An 18-year follow-up study of the Infant Health and Development Program (IHDP), published in the March 2006 issue of Pediatrics, provides the best evidence to date of the sustained, positive effects of early educational intervention on children's long-term outcomes. This large, multi-site, randomized trial expands on earlier investigations—that were smaller and more limited in scope—to support the value of early intervention programs and the need to extend educational enrichment activities to a broader range of children. The IHDP intervention served lower- and higher-weight preterm infants, who tend to be at risk for serious health and developmental problems.
“These findings are very encouraging, and provide compelling and useful data for health care providers, policy makers, economists and parents with regard to the enduring benefits of early childhood interventions,” said principal investigator Marie C. McCormick, M.D., Sc.D., professor of maternal and child health at Harvard School of Public Health. “The sustainability of effects reinforces the importance of such programs, and the need to make these services available and accessible to at-risk infants early on—before problems arise—to maximize their impact.”
Adolescents in the intervention group were more likely to have higher achievement scores in math and reading and fewer risky behaviors (e.g., antisocial behavior, suicidal thoughts/attempts, smoking, alcohol or marijuana use) than the follow-up only group. The original 36-month intervention consisted of home visits every week for the first year of the child's life and every other week in the second and third year, along with daily center-based education beginning at 12 months (corrected for duration of gestation) and a support group for parents of participating children. The follow-up only group received frequent pediatric assessments and community services when needed during the intervention period. At age 18, 636 of the original 985 participants took part (65 percent, or 72 percent of those who were eligible having not died or refused at prior assessments). Earlier assessments were at 3, 5 and 8 years of age.“This is the largest study ever to evaluate the effects of early development intervention for preterm infants, who we know to be at risk for all kinds of academic and behavioral problems,” explained Laura Leviton, Ph.D., senior program officer at the Robert Wood Johnson Foundation, which provided funding for this study. “Results indicate that high-quality early education services can greatly improve children's lives, giving them the best chance to achieve their full potential and become successful, healthy adults.”
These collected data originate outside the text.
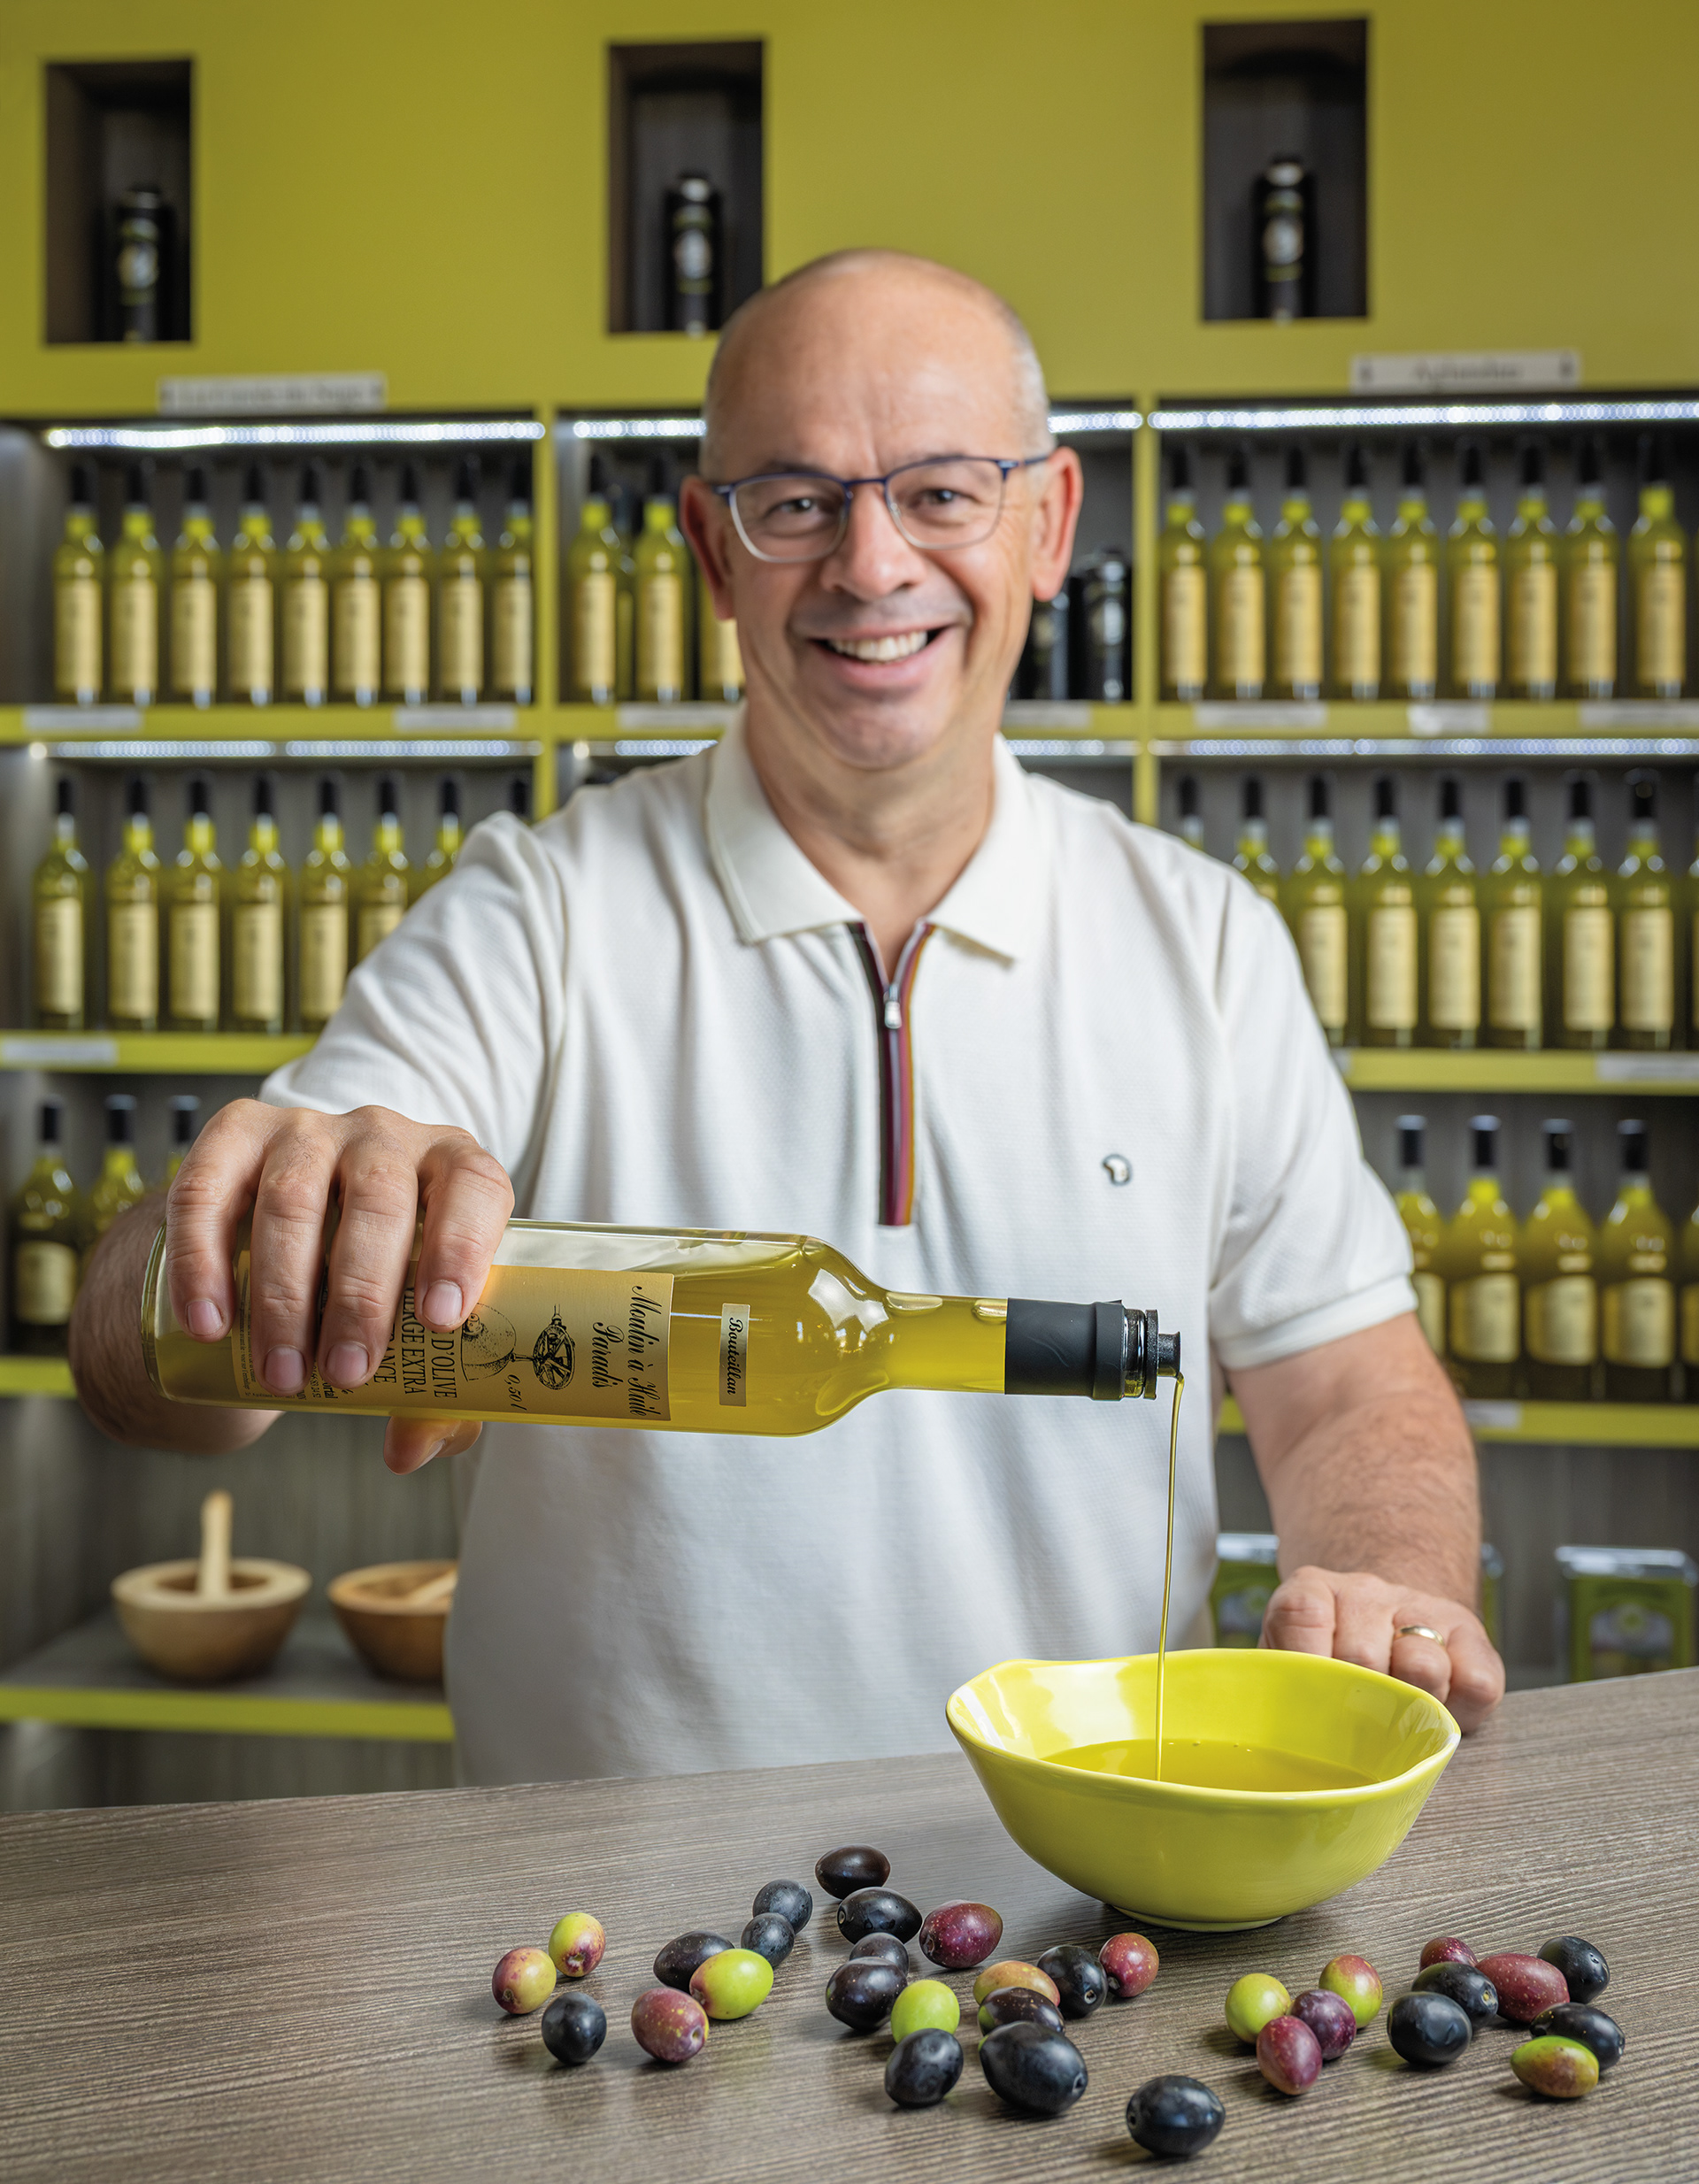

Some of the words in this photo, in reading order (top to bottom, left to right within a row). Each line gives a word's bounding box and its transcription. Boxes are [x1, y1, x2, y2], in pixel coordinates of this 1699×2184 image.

[627, 1286, 663, 1355] Moulin
[402, 1348, 427, 1395] EXTRA
[431, 1339, 458, 1399] D'OLIVE
[591, 1322, 625, 1388] Paradis
[627, 1359, 653, 1372] à
[726, 1318, 744, 1396] Bouteillan
[504, 1374, 522, 1402] 0,50
[627, 1378, 661, 1417] Huile
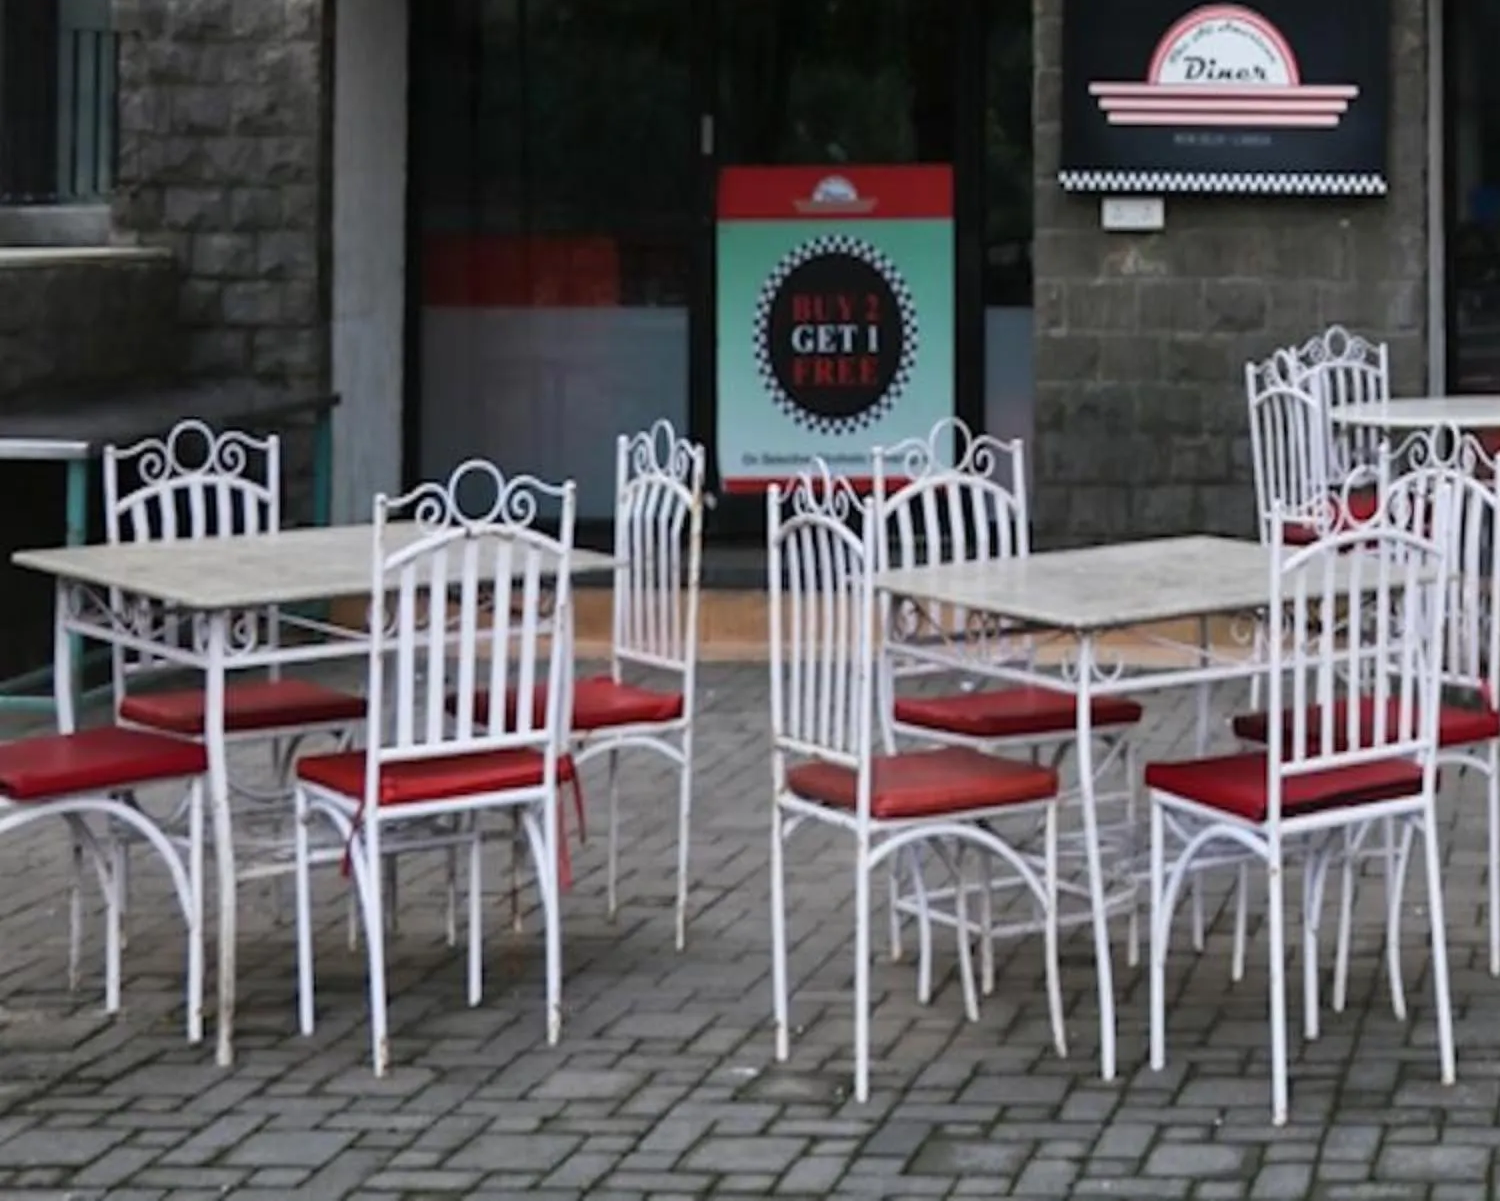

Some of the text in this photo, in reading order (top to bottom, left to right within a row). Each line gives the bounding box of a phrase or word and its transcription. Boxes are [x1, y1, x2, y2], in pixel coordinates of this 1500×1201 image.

[1183, 56, 1267, 80] Diner
[792, 295, 880, 322] BUY 2
[791, 325, 880, 354] GET 1
[792, 358, 879, 386] FREE
While the present findings are strikingly parallel to those of earlier, smaller studies, the IHDP has important methodological strengths, which add credibility to the demonstrated long-term value of early educational interventions:
The program, which involves the largest number of preterm infants to date, was uniformly implemented and closely monitored at eight major birthing centers across the country.
A variety of assessment instruments were selected and used to ensure continuity with previous measurement periods. Data were adjusted for cohort attrition and participant and control groups were comparable. The eight study sites were selected based on the institution's capacity to provide services and primarily reflect centers with large birthing populations. Participating centers were located in Little Rock, Ark., Boston, Mass., South Bronx, N.Y., Philadelphia, Pa., Dallas, Texas, Miami, Fla., Seattle, Wash., and New Haven, Conn.
"This study is an important contribution to the field of child development, and bolsters an impressive body of literature demonstrating the effectiveness of early interventions, shown to enhance educational achievement and social outcomes,” said Jim Heckman, Ph.D., Nobel Laureate and professor of economics at the University of Chicago. “Except for the lowest birth weight categories, there are lasting effects of the intervention on achievement and behavior.”
The lack of observable benefits in the lighter low birth weight group (≤ 2,000 g) is of concern, and underscores the need for further research to identify educational, environmental or biological factors that may promote or impede sustained effects of early educational intervention. It is important to note, this group of high-risk babies did demonstrate positive effects at 3 years of age. The question of how to best support these high-risk infants, and extend the benefits of early education later into their lives, remains.
The age of assessment (18 years) may fall short in terms of being able to gauge important economic outcomes, such as higher educational attainment, occupational status and eventual income. The Abecedarian Project, which IHDP sought to replicate, reported sustained intervention advantages beyond 21 years of age, including the proportion of participants enrolled in a four-year college or university.